COVID-19 delays OE35 Buoy commissioning in Hawaii
Ireland-based wave energy technology developer Ocean Energy said that COVID-19 has delayed commissioning of its 500kW OE35 device in Hawaii.
The OE35 wave energy device arrived in Hawaii in December 2019 for a one-year testing cycle.
Subsequently, NAVFAC hosted a Hawaiian Blessing ceremony for the OE35 at Joint Base Pearl Harbor-Hickam.
Ocean energy will be testing its 500kW wave energy converter at the U.S. Navy Wave Energy Test Site in the Hawaiian Island of Oahu.
The project specifically involves a collaboration between SEAI and the U.S. Department of Energy’s Office (DOE) who have co-funded the $12-million project with Ocean Energy.
The floating structure, which is as tall as a three-storey building and also over 35 metres in length, uses wave power to turn turbines and generate electricity.
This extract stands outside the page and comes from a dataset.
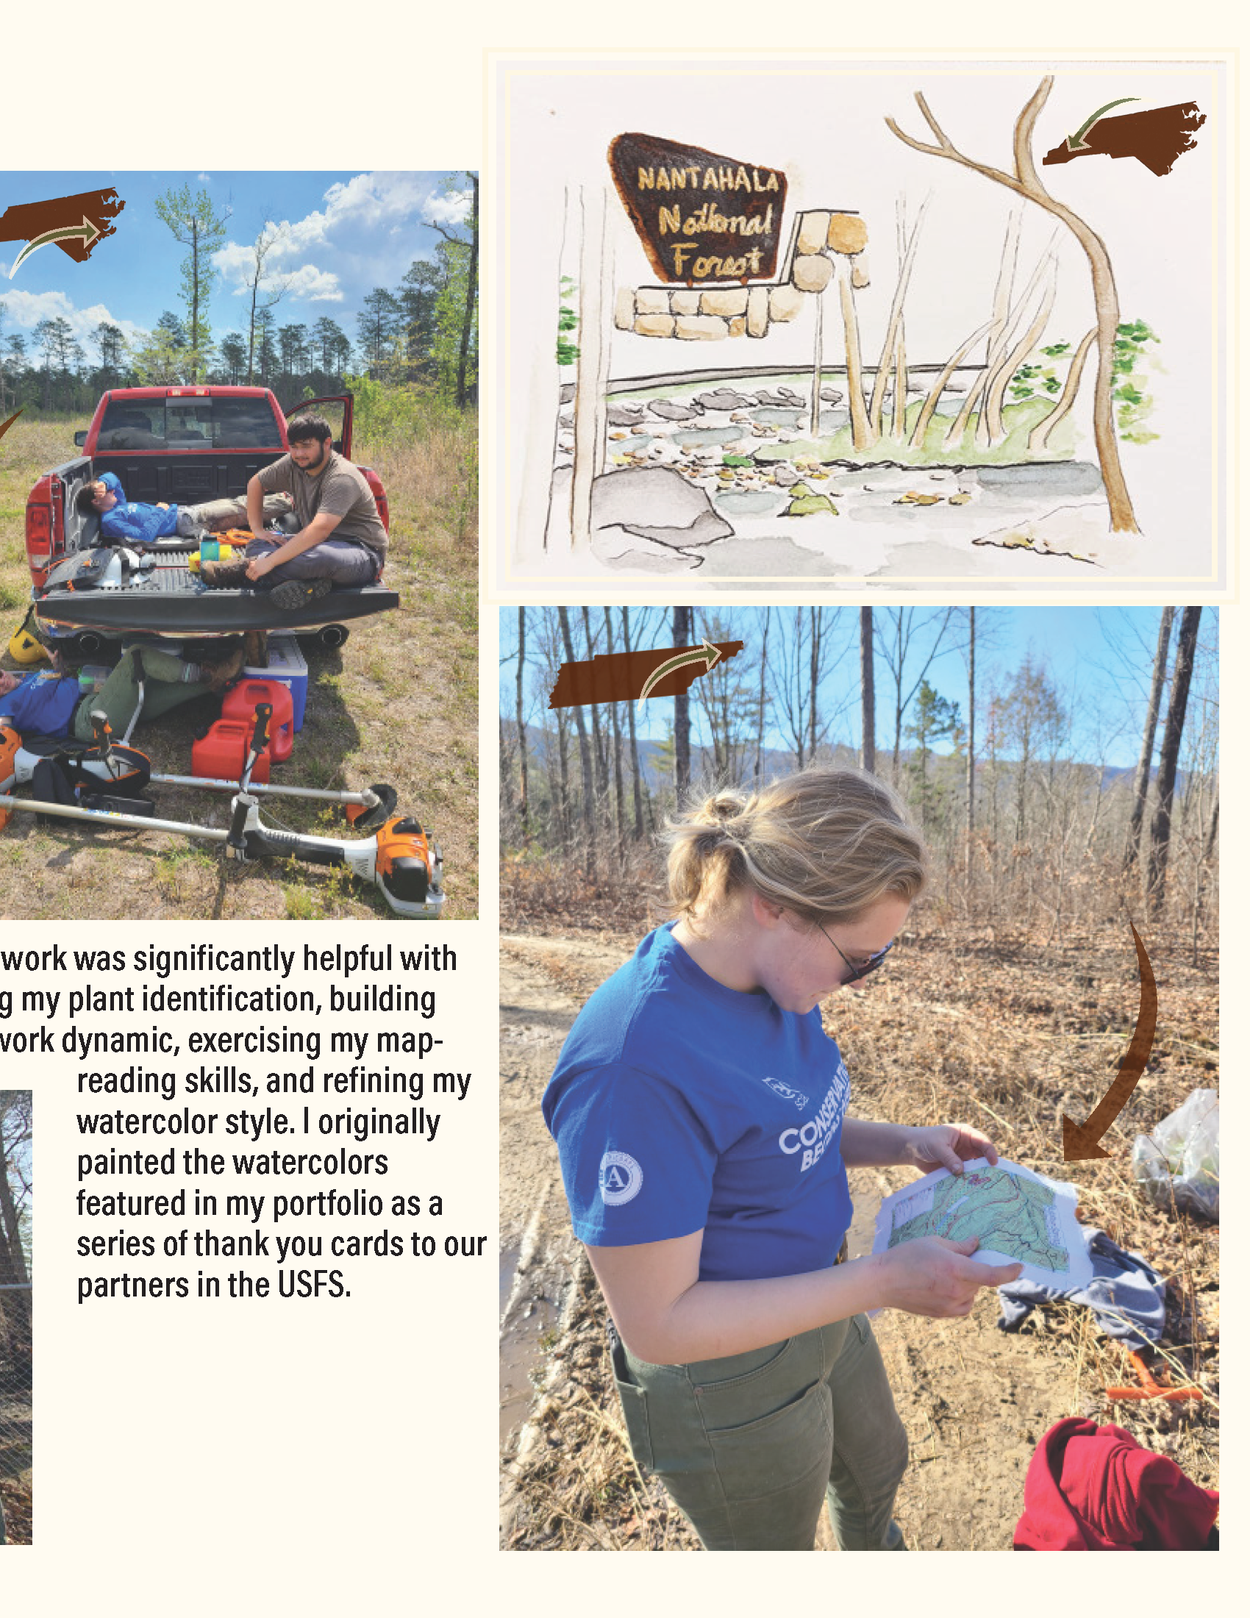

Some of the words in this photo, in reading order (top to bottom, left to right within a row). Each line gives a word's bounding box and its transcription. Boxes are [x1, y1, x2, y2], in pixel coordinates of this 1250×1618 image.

The OE Buoy has been in development for 15 years and this version in particular will be capable of producing enough electricity to power 500 homes.
Vigor Technologies fabricated the oversized buoy at its fabrication site in Portland, Oregon.
Ocean Energy gets onboard Selkie project
On the other note, Ireland-Wales cooperation programme, the Selkie project, has recently picked Ocean Energy as part of its wave energy tender call.
Selkie is bringing together leading researchers and businesses to improve the performance of marine energy devices and technologies.
Selkie will specifically test and validate the technology tools on two pilot demo technologies: one wave and one tidal technology.
The pilot testing will advance the knowledge for Wales and Ireland SMEs in general.